Brett Harrison, former president of FTX US, shared his experience at the company and working with Sam Bankman-Fried — and ultimately why he left his so-called “dream job.”
In a 49-part Twitter thread surpassing 1,200 words, Harrison claims Bankman-Fried showed emotionally volatile behavior, avoided conflict, pushed back against criticism and even isolated Harrison from communication on key decision-making.
“My relationship with Sam Bankman-Fried and his deputies had reached a point of total deterioration, after months of disputes over management practices at FTX,” Harrison wrote.

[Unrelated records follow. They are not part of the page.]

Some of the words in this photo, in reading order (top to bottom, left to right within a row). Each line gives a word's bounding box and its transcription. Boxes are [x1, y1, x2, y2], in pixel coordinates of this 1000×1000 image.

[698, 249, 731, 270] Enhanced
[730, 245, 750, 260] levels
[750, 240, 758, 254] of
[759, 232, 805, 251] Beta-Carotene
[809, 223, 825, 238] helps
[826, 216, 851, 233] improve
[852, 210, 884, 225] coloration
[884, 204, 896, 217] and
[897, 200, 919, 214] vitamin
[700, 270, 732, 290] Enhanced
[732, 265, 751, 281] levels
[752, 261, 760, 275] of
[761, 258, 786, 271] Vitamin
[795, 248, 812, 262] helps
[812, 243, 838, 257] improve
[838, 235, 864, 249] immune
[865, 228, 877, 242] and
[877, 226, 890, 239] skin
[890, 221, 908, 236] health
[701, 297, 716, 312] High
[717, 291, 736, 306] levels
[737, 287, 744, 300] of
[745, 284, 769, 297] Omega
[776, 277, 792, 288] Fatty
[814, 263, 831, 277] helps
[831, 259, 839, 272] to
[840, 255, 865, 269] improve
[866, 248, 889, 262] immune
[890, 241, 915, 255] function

Harrison recalled working with Bankman-Fried at Jane Street, a global proprietary trading firm based in New York City, in which Bankman-Fried seemed like a promising trader as well as a sensitive and intellectual person. During his first few months as FTX US President, Harrison helped expand the U.S. team and cement professional relationships, such as with the crypto derivatives platform LedgerX.
“Six months into my time at the company, pronounced cracks began to form in my own relationship with Sam. Around then I began advocating strongly for establishing separation and independence for the executive, legal, and developer teams of FTX US, and Sam disagreed.”
Harrison added that Bankman-Fried seemed rarely engaged in the U.S. business and that would impart decisions impacting the U.S. without warning from the Bahamas.
“I saw in that early conflict his total insecurity and intransigence when his decisions were questioned, his spitefulness, and the volatility of his temperament. I realized he wasn’t who I remembered,” he wrote.
After further workplace hostility for five months, Harrison decided to make one last attempt at change. In his 11th month at the company, he wrote a formal complaint detailing the company’s biggest obstacles to success and that he would resign if they weren’t addressed.
“In response, I was threatened on Sam’s behalf that I would be fired and that Sam would destroy my professional reputation. I was instructed to formally retract what I’d written and to deliver an apology to Sam that had been drafted for me. That event solidified my decision to leave. I knew an abrupt departure would be harmful to the company and my FTX US reports, and I wanted to best position the company for future success after I left. So I gradually wound down, finished building and releasing the U.S. stock brokerage, and saw FTX U.S. employees through their mid-year reviews.”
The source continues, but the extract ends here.